▶ [INSTRUCTIONS FOR THE TASK]
Within the records below, repeat each line exactly but keep every picture out of the copy.

[Dataset entries]

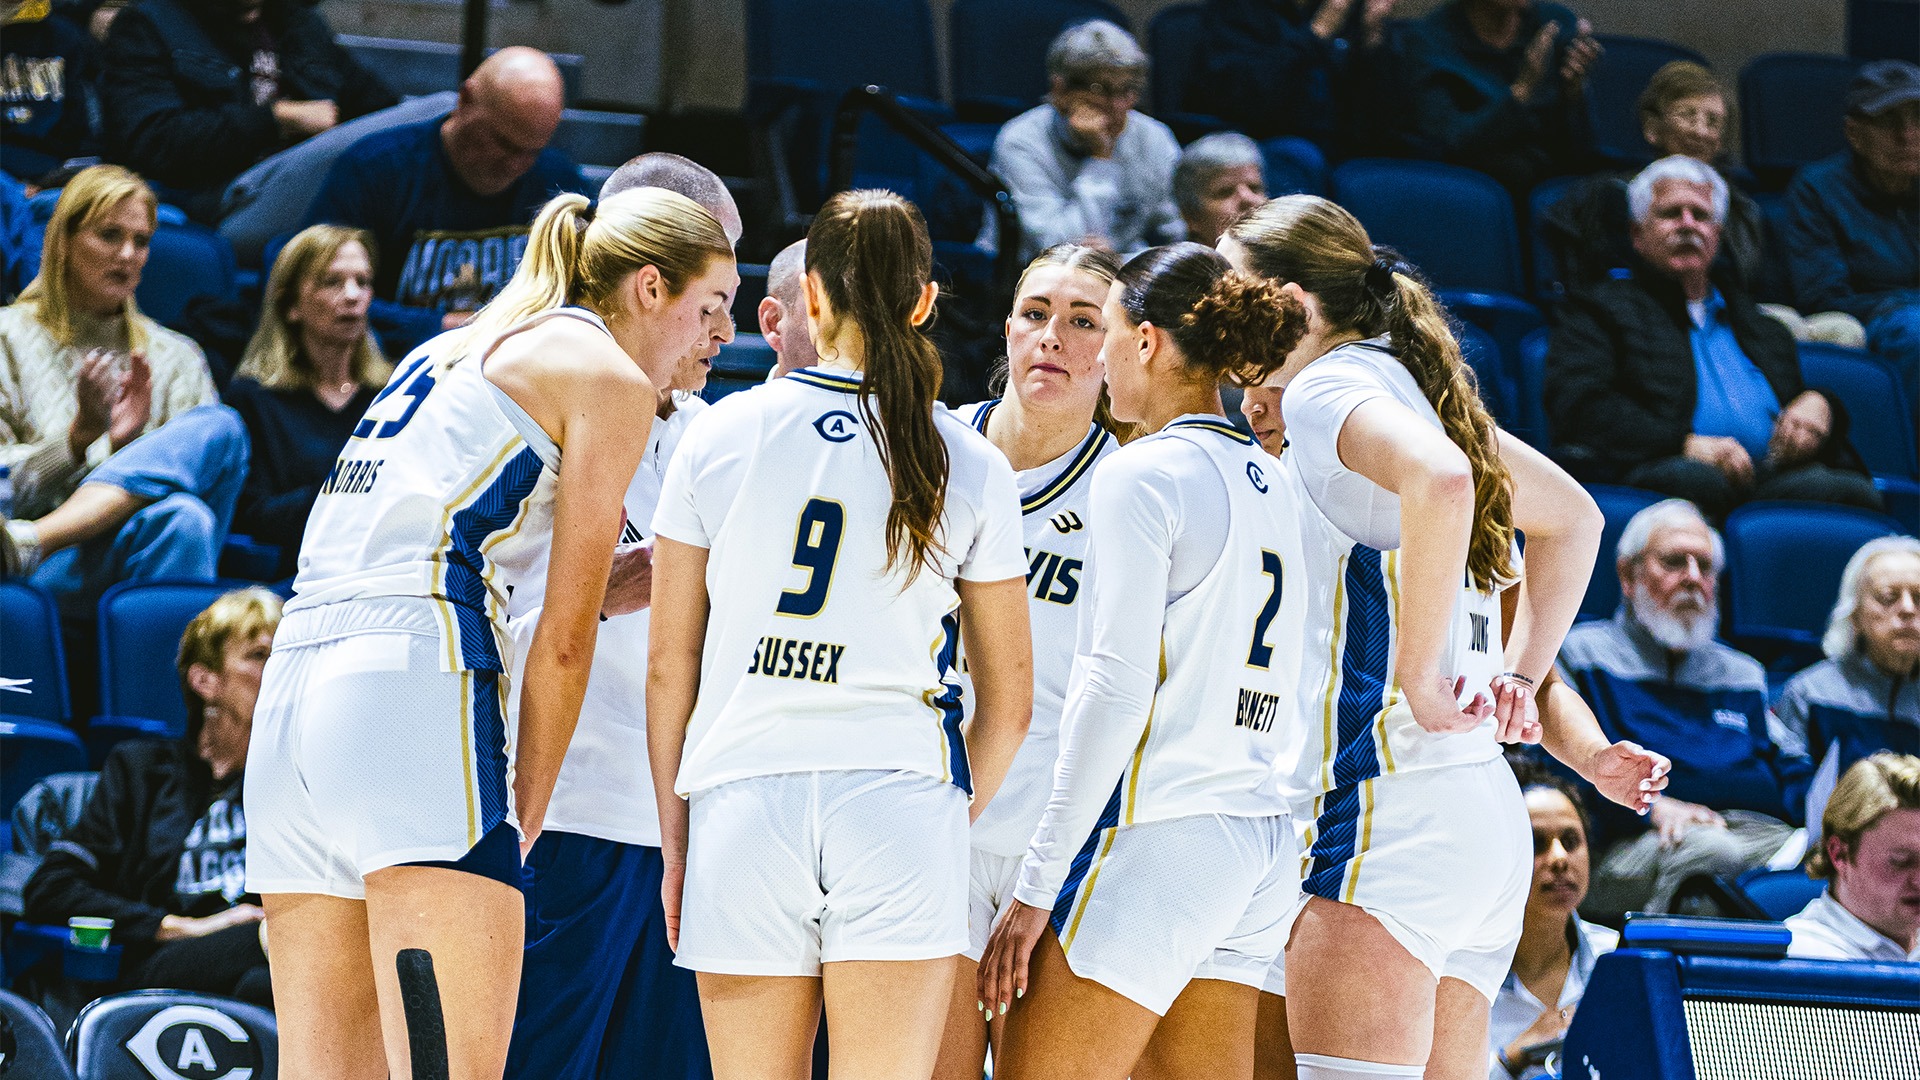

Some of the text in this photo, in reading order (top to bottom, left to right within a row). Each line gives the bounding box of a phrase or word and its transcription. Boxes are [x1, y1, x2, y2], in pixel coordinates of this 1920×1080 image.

[351, 355, 437, 441] 25
[774, 495, 848, 620] 9
[1023, 547, 1083, 606] VIS
[1244, 546, 1286, 672] 2
[748, 635, 847, 685] SUSSEX
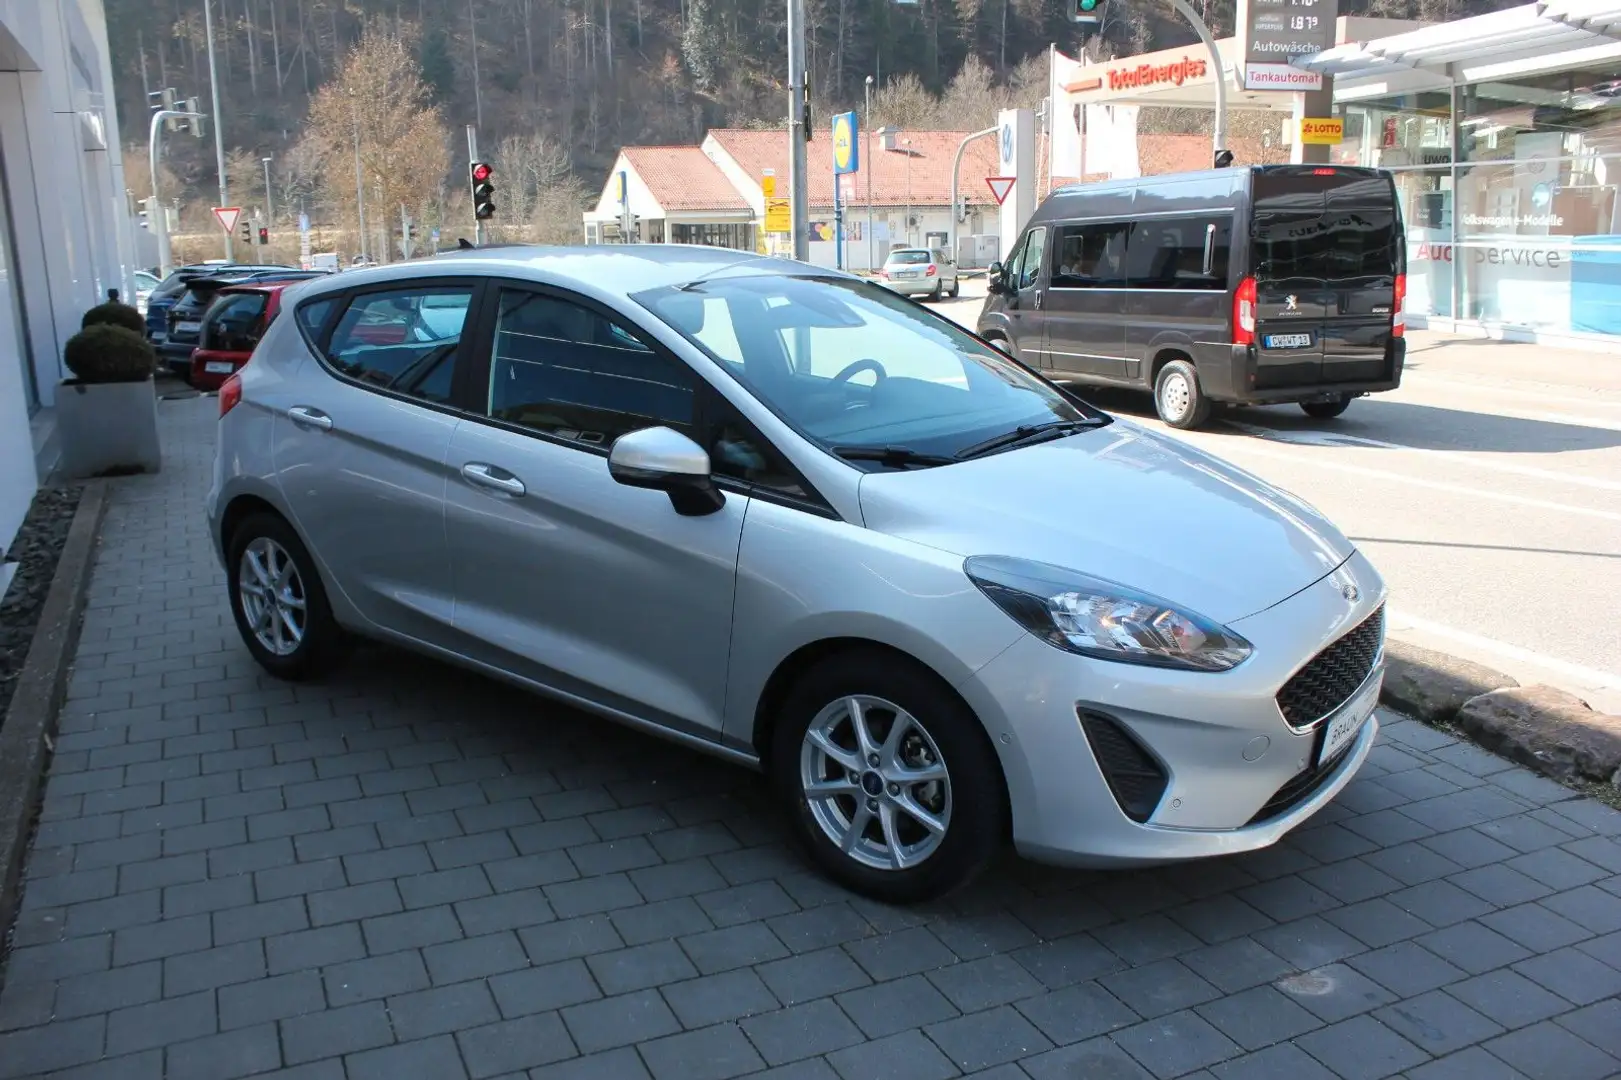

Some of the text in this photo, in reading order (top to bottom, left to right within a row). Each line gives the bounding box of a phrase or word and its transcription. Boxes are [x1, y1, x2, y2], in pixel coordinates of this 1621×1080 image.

▶ [WRITTEN ANSWER]
Some of the text in this photo, in reading order (top to bottom, left to right within a row). Each line gives the bounding box of a phrase or word and its transcription. Boxes are [x1, y1, x2, y2], in pixel coordinates of this 1920×1080 image.

[351, 355, 437, 441] 25
[774, 495, 848, 620] 9
[1023, 547, 1083, 606] VIS
[1244, 546, 1286, 672] 2
[748, 635, 847, 685] SUSSEX

Some of the text in this photo, in reading order (top to bottom, left to right within a row). Each line gives the bounding box of a phrase or word and its transcription. Boxes are [x1, y1, x2, y2], in pixel coordinates of this 1621×1080 image.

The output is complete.